Scientific classification
- Kingdom: Animalia
- Phylum: Chordata
- Class: Actinopterygii
- Order: Siluriformes
- Family: Ictaluridae
- Genus: Ictalurus
- Species: I. furcatus
- Binomial name: Ictalurus furcatus (Valenciennes, 1840)
- Synonyms: Pimelodus furcatus Valenciennes, 1840; Pimelodus affinis Baird & Girard, 1854; Amiurus meridionalis Günther, 1864; Amiurus pondersosus Bean, 1880;

= Blue catfish =

- Authority: (Valenciennes, 1840)
- Conservation status: LC
- Synonyms: Pimelodus furcatus Valenciennes, 1840, Pimelodus affinis Baird & Girard, 1854, Amiurus meridionalis Günther, 1864, Amiurus pondersosus Bean, 1880

Species of fish

The blue catfish (Ictalurus furcatus) is a large species of North American catfish, reaching a length of 65 in and a weight of 143 lb. The continent's largest catfish, it can live to 20 years, with a typical fish being between 25–46 in and 30–70 lb. Native distribution is primarily in the Mississippi River and Louisiana drainage systems, including the Missouri, Ohio, Tennessee, and Arkansas Rivers, the Des Moines River in south-central Iowa, the Rio Grande, and south along the Gulf Coast to Belize and Guatemala.

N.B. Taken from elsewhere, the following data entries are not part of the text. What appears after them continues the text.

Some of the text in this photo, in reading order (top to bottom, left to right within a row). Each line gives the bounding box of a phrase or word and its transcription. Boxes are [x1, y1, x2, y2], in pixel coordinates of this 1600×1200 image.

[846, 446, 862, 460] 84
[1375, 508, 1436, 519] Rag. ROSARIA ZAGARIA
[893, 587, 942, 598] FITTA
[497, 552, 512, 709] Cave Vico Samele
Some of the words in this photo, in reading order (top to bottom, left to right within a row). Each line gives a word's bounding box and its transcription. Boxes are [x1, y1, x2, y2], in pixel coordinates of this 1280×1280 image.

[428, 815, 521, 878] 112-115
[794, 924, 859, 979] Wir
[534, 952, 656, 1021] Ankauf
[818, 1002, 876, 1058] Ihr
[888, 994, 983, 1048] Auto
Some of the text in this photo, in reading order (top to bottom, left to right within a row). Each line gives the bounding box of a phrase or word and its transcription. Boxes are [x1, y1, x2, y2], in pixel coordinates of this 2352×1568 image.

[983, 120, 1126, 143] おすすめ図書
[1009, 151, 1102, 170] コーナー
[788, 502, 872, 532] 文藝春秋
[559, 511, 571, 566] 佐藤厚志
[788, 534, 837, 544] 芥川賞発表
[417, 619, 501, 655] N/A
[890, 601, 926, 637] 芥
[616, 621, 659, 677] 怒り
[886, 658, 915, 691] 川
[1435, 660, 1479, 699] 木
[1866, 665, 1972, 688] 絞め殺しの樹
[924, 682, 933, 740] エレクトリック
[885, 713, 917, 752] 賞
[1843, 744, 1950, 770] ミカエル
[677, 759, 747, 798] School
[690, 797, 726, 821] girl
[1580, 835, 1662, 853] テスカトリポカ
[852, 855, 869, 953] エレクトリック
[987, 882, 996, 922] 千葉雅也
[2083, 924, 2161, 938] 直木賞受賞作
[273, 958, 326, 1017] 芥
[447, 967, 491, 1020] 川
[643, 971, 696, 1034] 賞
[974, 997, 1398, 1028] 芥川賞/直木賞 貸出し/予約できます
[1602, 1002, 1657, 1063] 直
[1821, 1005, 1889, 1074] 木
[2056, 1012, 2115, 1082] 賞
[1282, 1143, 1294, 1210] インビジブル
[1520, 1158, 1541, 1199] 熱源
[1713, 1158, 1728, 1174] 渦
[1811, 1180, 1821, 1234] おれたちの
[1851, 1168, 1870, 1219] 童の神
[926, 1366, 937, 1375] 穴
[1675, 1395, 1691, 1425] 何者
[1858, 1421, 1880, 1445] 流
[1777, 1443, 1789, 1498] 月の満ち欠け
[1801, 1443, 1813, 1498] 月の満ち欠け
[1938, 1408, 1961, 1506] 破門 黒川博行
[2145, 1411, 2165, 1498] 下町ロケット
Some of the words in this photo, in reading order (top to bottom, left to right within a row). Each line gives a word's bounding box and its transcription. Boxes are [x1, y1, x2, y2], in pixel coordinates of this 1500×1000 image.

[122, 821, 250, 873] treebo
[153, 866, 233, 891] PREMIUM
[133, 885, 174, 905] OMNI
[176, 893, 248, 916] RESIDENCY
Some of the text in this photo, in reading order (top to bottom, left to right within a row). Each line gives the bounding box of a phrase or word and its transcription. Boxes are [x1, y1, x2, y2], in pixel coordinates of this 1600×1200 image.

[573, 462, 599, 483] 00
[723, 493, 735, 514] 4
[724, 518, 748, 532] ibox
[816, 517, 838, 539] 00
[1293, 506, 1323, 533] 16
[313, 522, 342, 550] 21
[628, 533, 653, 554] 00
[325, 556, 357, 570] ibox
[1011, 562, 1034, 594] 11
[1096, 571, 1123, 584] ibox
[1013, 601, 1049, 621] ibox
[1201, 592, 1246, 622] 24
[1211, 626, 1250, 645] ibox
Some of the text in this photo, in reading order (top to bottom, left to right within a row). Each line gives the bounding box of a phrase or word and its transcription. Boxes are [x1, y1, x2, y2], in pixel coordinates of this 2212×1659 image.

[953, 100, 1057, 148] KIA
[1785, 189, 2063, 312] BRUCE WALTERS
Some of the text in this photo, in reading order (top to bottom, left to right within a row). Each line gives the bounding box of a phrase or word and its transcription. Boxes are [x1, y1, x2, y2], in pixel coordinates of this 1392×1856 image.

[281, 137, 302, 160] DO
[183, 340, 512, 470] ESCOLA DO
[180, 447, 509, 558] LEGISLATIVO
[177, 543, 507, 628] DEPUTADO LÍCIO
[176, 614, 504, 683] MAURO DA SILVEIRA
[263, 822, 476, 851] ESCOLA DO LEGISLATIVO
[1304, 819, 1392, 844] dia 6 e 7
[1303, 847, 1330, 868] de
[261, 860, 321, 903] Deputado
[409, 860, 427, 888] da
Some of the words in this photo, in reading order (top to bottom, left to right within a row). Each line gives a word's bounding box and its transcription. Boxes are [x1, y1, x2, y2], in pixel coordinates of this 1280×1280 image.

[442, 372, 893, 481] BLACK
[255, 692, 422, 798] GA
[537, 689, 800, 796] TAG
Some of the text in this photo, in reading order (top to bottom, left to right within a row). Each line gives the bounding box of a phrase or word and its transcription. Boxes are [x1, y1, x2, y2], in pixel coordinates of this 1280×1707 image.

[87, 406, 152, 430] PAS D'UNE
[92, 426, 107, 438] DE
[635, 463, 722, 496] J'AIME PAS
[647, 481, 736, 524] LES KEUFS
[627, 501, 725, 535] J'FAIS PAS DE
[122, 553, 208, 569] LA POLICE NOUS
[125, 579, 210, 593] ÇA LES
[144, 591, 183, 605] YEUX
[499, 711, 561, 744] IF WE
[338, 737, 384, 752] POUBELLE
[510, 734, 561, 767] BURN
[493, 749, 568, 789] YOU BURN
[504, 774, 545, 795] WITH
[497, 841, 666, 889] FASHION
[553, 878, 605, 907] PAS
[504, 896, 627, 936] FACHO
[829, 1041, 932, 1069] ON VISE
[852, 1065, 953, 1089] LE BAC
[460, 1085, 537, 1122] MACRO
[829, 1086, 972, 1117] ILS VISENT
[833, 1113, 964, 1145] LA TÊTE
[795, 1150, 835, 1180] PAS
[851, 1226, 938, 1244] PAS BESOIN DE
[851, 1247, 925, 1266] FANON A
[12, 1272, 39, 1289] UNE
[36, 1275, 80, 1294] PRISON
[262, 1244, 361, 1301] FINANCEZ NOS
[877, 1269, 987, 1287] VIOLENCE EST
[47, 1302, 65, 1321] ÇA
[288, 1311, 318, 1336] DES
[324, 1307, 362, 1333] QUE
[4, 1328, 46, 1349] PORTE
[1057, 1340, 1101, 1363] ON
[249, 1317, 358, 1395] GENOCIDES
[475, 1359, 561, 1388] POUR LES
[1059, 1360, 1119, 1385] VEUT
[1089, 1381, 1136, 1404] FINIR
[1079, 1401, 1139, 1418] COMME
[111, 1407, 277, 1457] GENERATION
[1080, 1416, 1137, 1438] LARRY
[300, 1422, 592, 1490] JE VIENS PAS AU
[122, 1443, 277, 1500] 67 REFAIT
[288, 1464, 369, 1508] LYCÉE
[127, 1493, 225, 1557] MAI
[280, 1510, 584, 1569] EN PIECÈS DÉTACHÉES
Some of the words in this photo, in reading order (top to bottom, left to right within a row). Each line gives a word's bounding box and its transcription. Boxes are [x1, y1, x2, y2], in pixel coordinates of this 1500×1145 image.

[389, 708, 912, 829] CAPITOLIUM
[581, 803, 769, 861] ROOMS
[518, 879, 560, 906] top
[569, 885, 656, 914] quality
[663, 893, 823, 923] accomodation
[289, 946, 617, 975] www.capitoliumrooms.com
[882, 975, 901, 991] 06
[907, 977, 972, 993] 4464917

An omnivorous predator, it has been introduced in a number of reservoirs and rivers, notably the Santee Cooper lakes of Lake Marion and Lake Moultrie in South Carolina, the James River in Virginia, Powerton Lake in Pekin, Illinois, and Lake Springfield in Springfield, Illinois. It is also found in some lakes in Florida.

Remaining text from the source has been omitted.